* **Your goal**:
From the first entry to the last, copy the material exactly as it stands.

╭──

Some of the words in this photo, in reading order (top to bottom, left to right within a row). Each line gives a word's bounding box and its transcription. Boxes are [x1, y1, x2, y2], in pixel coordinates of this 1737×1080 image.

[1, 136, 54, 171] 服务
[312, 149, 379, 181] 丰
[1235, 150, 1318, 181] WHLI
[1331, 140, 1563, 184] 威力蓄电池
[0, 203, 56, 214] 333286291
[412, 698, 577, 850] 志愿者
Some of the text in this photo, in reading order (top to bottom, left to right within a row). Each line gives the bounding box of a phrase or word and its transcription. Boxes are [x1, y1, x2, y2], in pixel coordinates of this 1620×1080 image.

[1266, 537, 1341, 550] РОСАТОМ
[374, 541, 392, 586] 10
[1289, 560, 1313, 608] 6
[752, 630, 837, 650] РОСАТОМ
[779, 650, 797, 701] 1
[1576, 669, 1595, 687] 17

╰──

* **Exercise answer**:
Some of the words in this photo, in reading order (top to bottom, left to right within a row). Each line gives a word's bounding box and its transcription. Boxes are [x1, y1, x2, y2], in pixel coordinates of this 1737×1080 image.

[1, 136, 54, 171] 服务
[312, 149, 379, 181] 丰
[1235, 150, 1318, 181] WHLI
[1331, 140, 1563, 184] 威力蓄电池
[0, 203, 56, 214] 333286291
[412, 698, 577, 850] 志愿者
Some of the text in this photo, in reading order (top to bottom, left to right within a row). Each line gives the bounding box of a phrase or word and its transcription. Boxes are [x1, y1, x2, y2], in pixel coordinates of this 1620×1080 image.

[1266, 537, 1341, 550] РОСАТОМ
[374, 541, 392, 586] 10
[1289, 560, 1313, 608] 6
[752, 630, 837, 650] РОСАТОМ
[779, 650, 797, 701] 1
[1576, 669, 1595, 687] 17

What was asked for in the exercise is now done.